Start of Material for this task

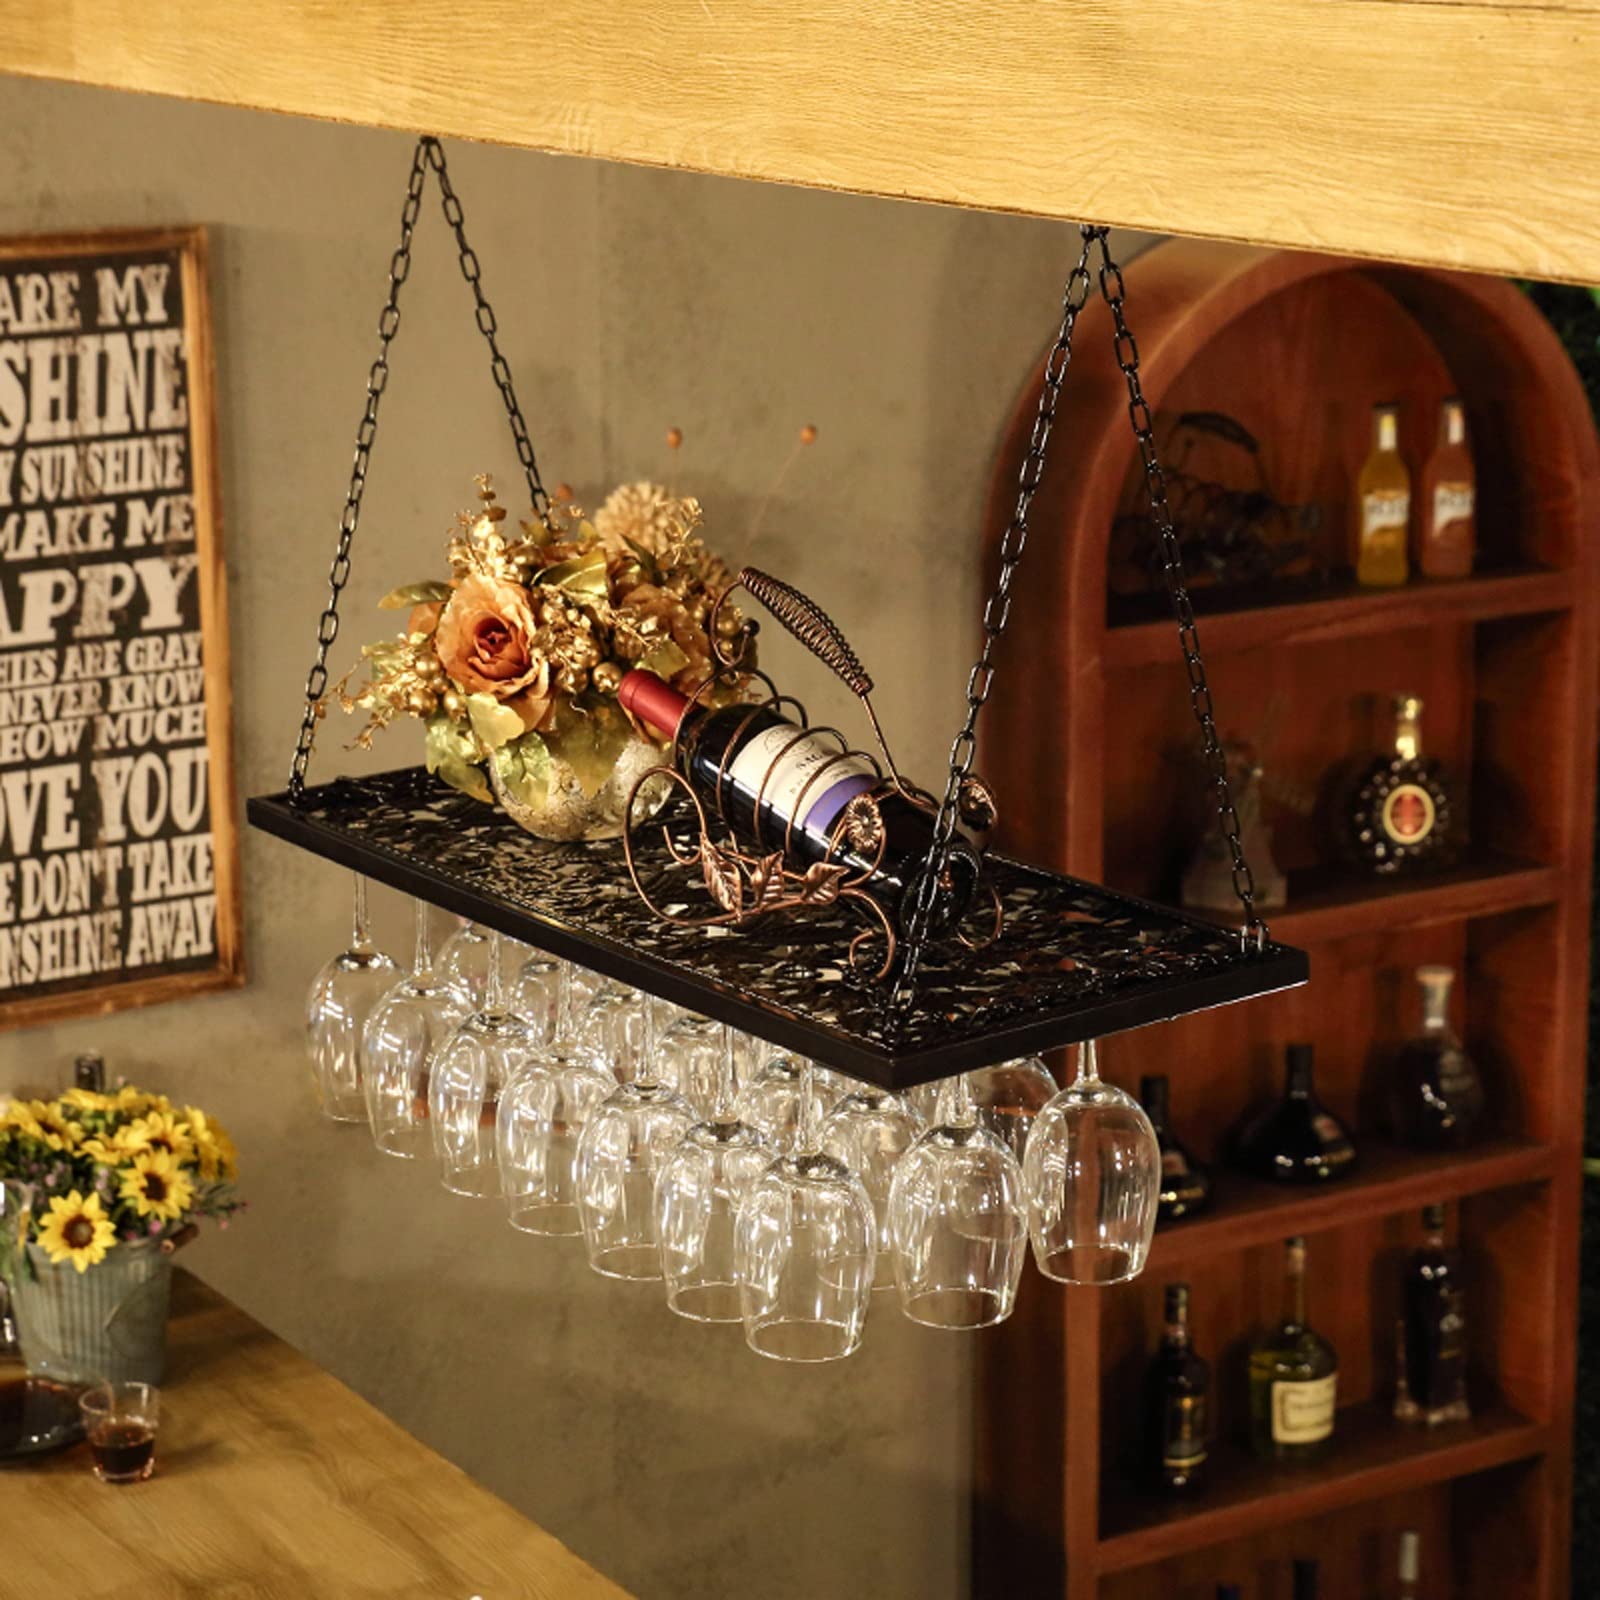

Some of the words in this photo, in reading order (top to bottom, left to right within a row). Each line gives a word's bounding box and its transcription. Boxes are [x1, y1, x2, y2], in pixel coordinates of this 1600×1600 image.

[95, 264, 170, 327] MY
[20, 434, 185, 504] SUNSHINE
[123, 495, 195, 547] ME
[60, 640, 122, 683] ARE
[125, 631, 202, 675] GRAY
[0, 681, 103, 726] NEVER
[109, 667, 205, 714] KNOW
[0, 718, 87, 764] HOW
[92, 703, 206, 752] MUCH
[91, 747, 209, 843] YOU
[20, 846, 122, 920] DON'T
[128, 833, 214, 902] TAKE
[125, 895, 217, 968] AWAY
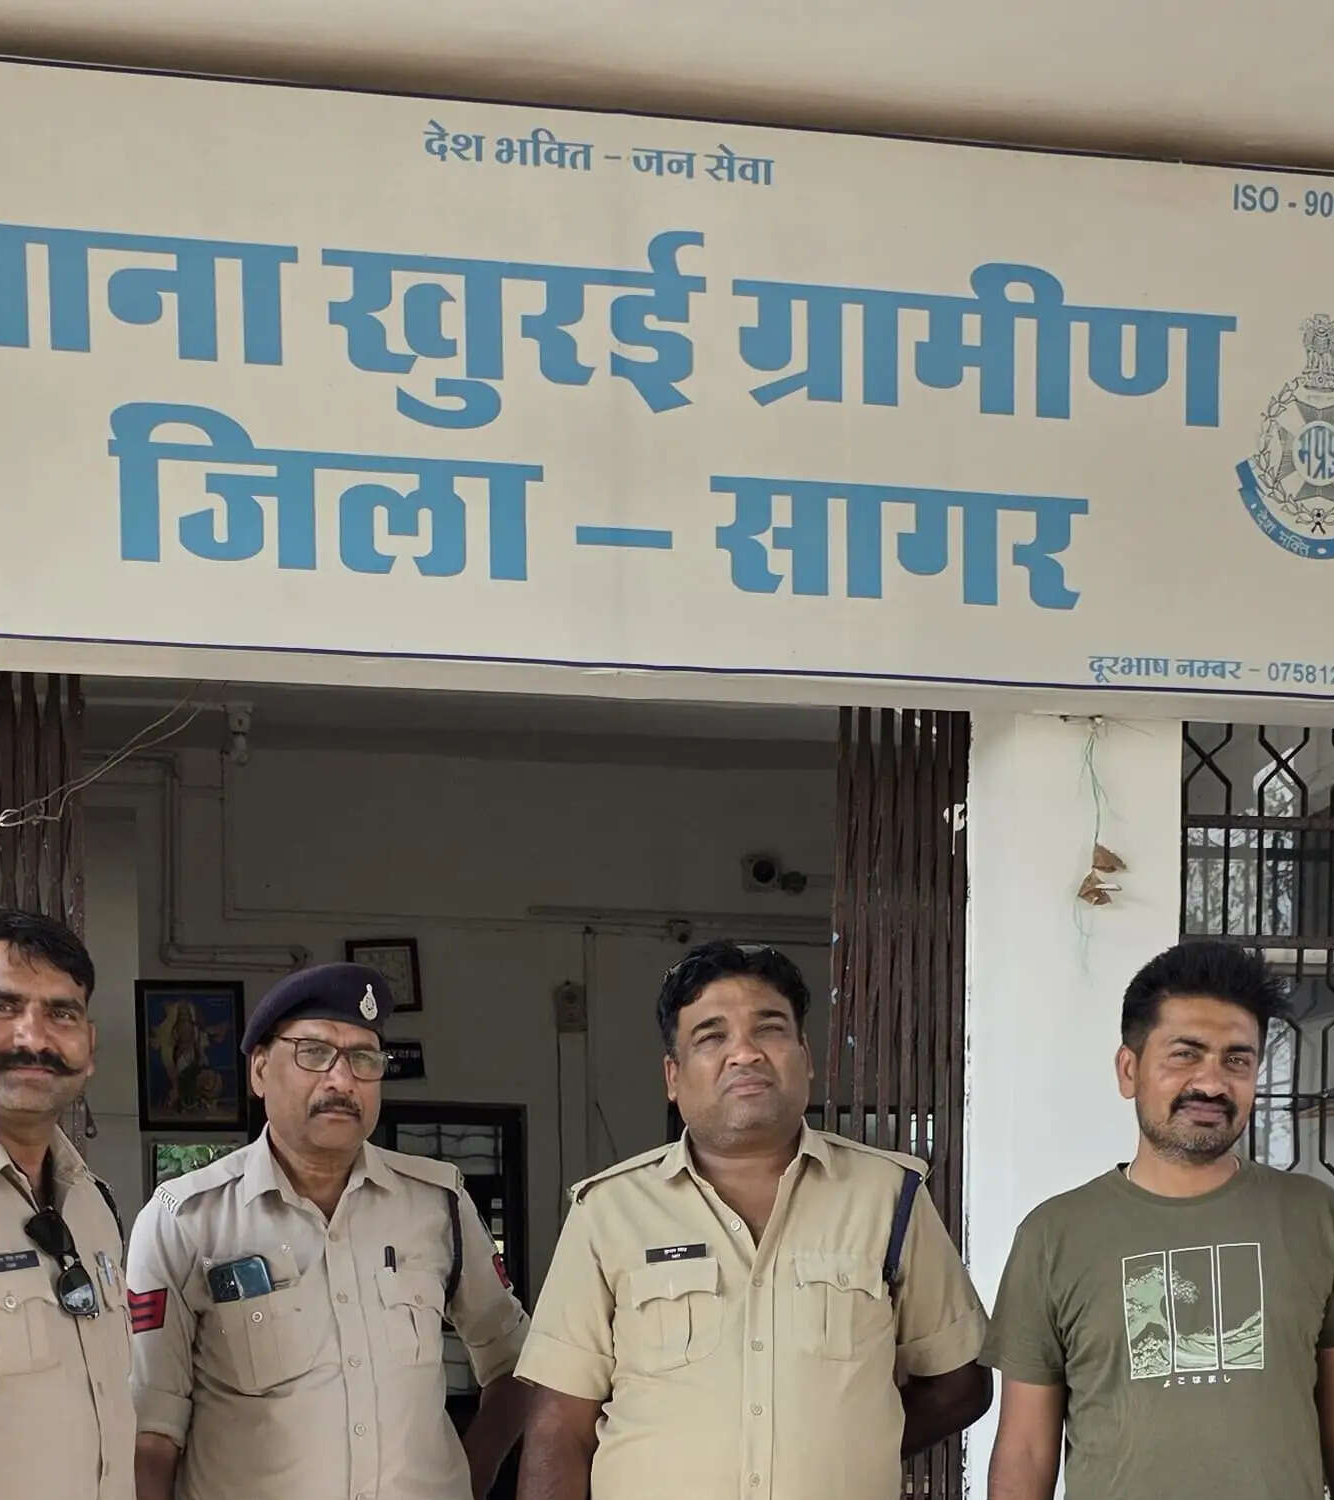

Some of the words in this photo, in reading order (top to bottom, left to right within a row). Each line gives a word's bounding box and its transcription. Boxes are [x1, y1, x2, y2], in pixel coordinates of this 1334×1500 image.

End of Material for this task

Exercise requirements
Write out the listing above in full, word for word, with no pictures.

Output of the task
Some of the words in this photo, in reading order (top to bottom, left to right within a row). Each line gives a word's bounding box and its transcription. Boxes are [x1, y1, x2, y2], in pixel coordinates of this 1600×1600 image.

[95, 264, 170, 327] MY
[20, 434, 185, 504] SUNSHINE
[123, 495, 195, 547] ME
[60, 640, 122, 683] ARE
[125, 631, 202, 675] GRAY
[0, 681, 103, 726] NEVER
[109, 667, 205, 714] KNOW
[0, 718, 87, 764] HOW
[92, 703, 206, 752] MUCH
[91, 747, 209, 843] YOU
[20, 846, 122, 920] DON'T
[128, 833, 214, 902] TAKE
[125, 895, 217, 968] AWAY

Some of the words in this photo, in reading order (top to bottom, left to right within a row). Each line gives a word's bounding box and its transcription. Boxes are [x1, y1, x2, y2], in pixel coordinates of this 1334×1500 image.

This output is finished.